Currently, there are efforts underway to consolidate, simplify, and reform data collection and reporting. The American Medical Group Association (AMGA) recently produced 14 consolidated quality measures that include process measures, like cancer screening, and also outcome measures, like hospital readmission rates, emergency department use per 1,000, and skilled nursing facility admissions per 1,000. The public/private Core Quality Measures Collaborative has identified seven domains, with multiple measures in each domain.
What can physicians do?
First, make workflow changes so that physicians are not the primary gatherer of data. In some practices, the medical assistant (MA) meets with the physician in the morning to go over the quality data that is needed for each patient scheduled that day. The MA can also acquire some, if not all, of this data before the physician sees the patient. That way, when the doctor walks in the room, the focus is immediately on “What brings you in today?”
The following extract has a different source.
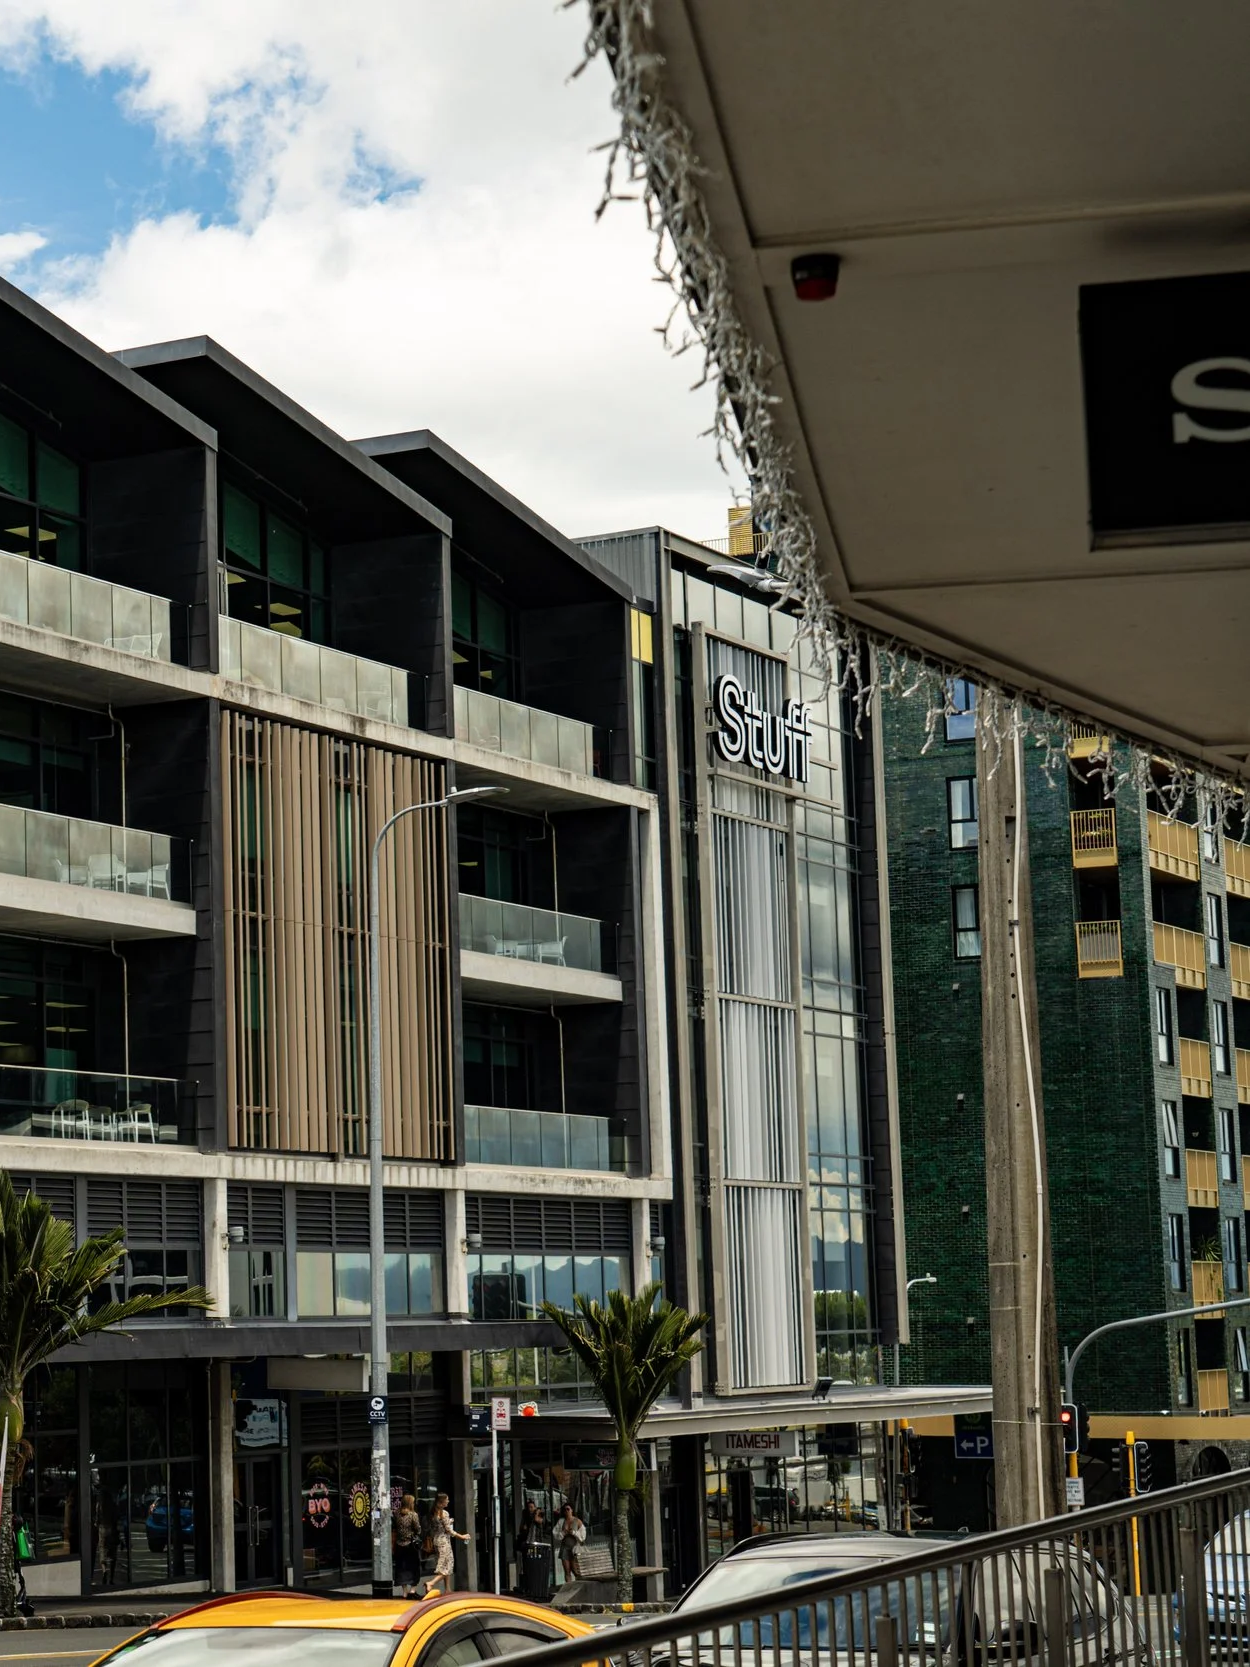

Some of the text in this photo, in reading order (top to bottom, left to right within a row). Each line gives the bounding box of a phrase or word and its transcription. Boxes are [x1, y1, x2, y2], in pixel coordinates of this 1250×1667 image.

Second, push EHR providers to improve interoperability, so that data does not need to be collected multiple times, and current information is always available to the physician during a patient encounter.
Third, recognize that the physician voice needs to be heard when designing quality metrics and reporting processes. Physicians are key stakeholders in the conceptualization, design, and implementation of quality reporting. By exercising their voice through organized physician and medical group organizations and participating in discussion and work groups, physicians can help shape the next generation of quality metrics to be meaningful, easy to record, and standardized.
Steven Green, MD, serves as secretary for the Council of Accountable Physician Practices (CAPP), a coalition of American multi-specialty medical groups and health systems. He is also the chief medical officer of Sharp-Rees Stealy Medical Group in San Diego.